Krijack & Cohoangler,

Since this involves the US Army Corps of Engineers, making any significant project changes seems to start at around $100 million. Changes to MMD are influenced by the surrounding geography/geology which no consists of a high earthfill dam. Modifying it into a different kind of flood storage reservoir would be massively expensive, and potentially not possible due to the surrounding landscape.

The obvious solution of removing Buckley and allowing fish to swim through the open gate at MMD would be tempting. However, the "gate" through the base of MMD is a 9' horseshoe shaped tunnel, 1500' long, and sloped such that water velocities exceed 40 fps, a tad faster than the most ambitious chinook or steelhead, let alone the massively more numerous pink salmon.

So what about modifying the 9' tunnel to have a flatter slope so that fish could swim through it? A little math shows that decreasing the slope would significantly decrease the volume of water that can pass through it before filling and becoming pressurized. And even more significantly in the case of the White River is its humongous sediment load, numbering in the hundreds of thousands of tons per year.

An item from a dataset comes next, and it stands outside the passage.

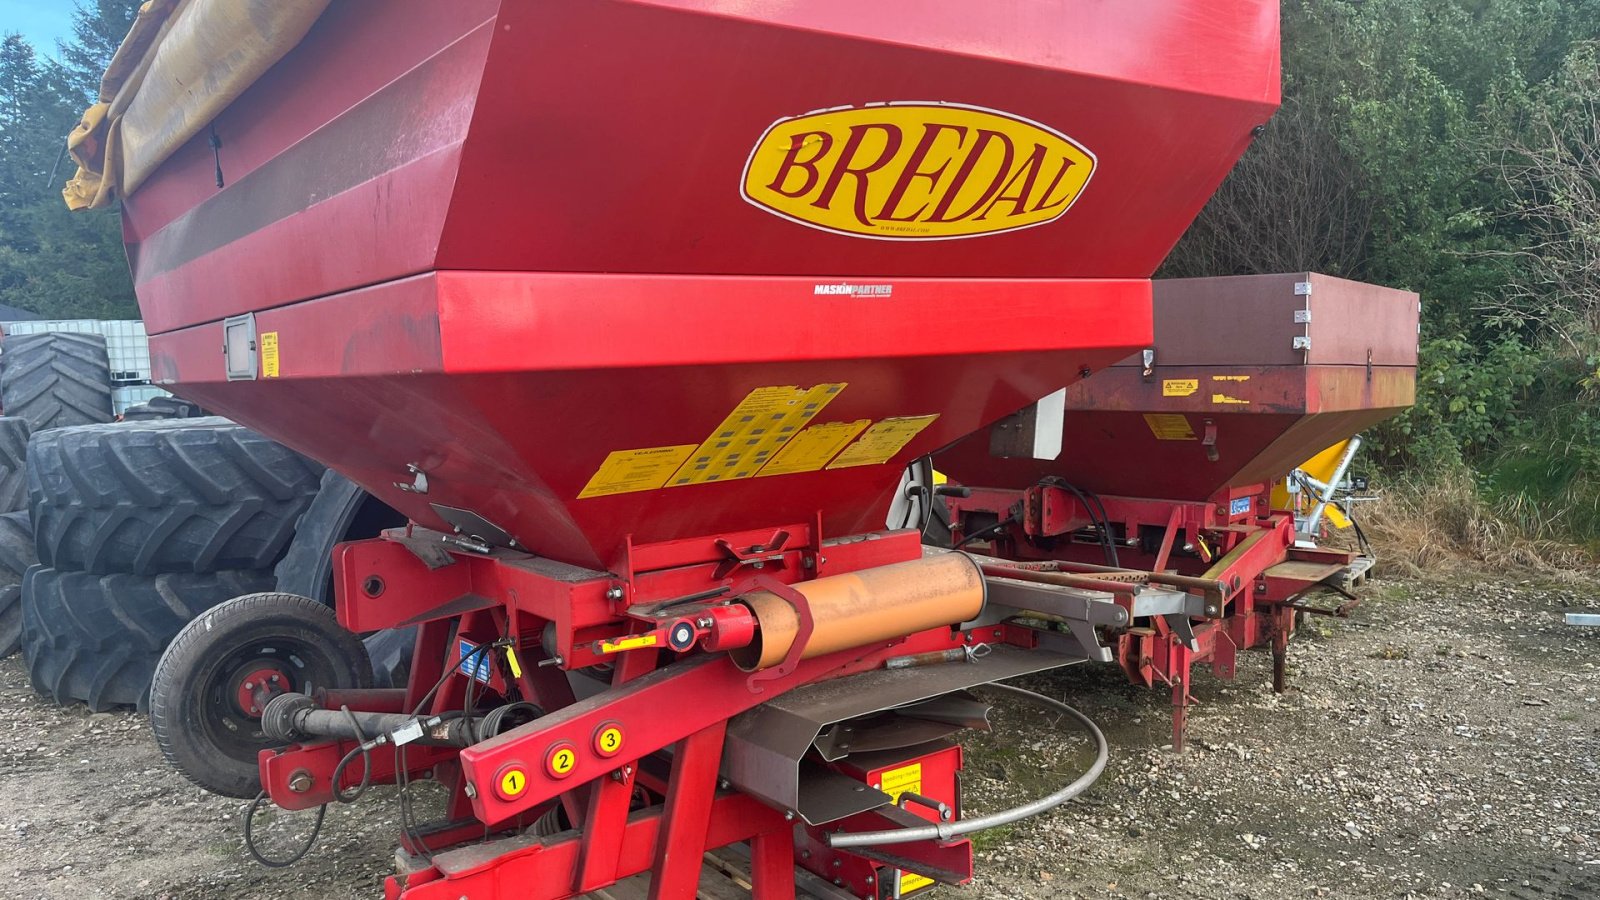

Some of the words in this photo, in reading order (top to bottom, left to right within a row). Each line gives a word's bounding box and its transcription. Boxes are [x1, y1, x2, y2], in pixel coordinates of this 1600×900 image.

A flatter tunnel with lower water velocity would allow the settling out of larger sediment particles, like small boulders. (White River sediment ranges from glacial fine colloidal material up to and including boulders. It's a highly active glacial river.) If sediment settles out in the tunnel, it would soon clog and end up backing up the river behind the dam. BTW, the 9' tunnel is lined with 1" sheet steel that the sediment abrades away so it has to be replaced every few years.

In hindsight, it's apparent that it's a bad idea to build a dam on a glacial river like the White. But in the 1930s and 1940s when it was planned and authorized, Americans still felt that controlling nature was not only possible, but feasible, and an inherent part of our manifest destiny. It only seems stupid in hindsight. And now we're stuck with the very expensive option of operating and maintaining a project that is an inherent bad fit with the environment, not to mention, maintaining anadromous fish runs around this bad idea.

Would I prefer dam removal? Heck yeah. But that idea doesn't appeal to the few thousand people whose homes are protected by it and the Port of Tacoma, especially since the federal government covers all the O&M costs. Now if the beneficiaries of flood control had to pay the costs of that flood control, things might be different.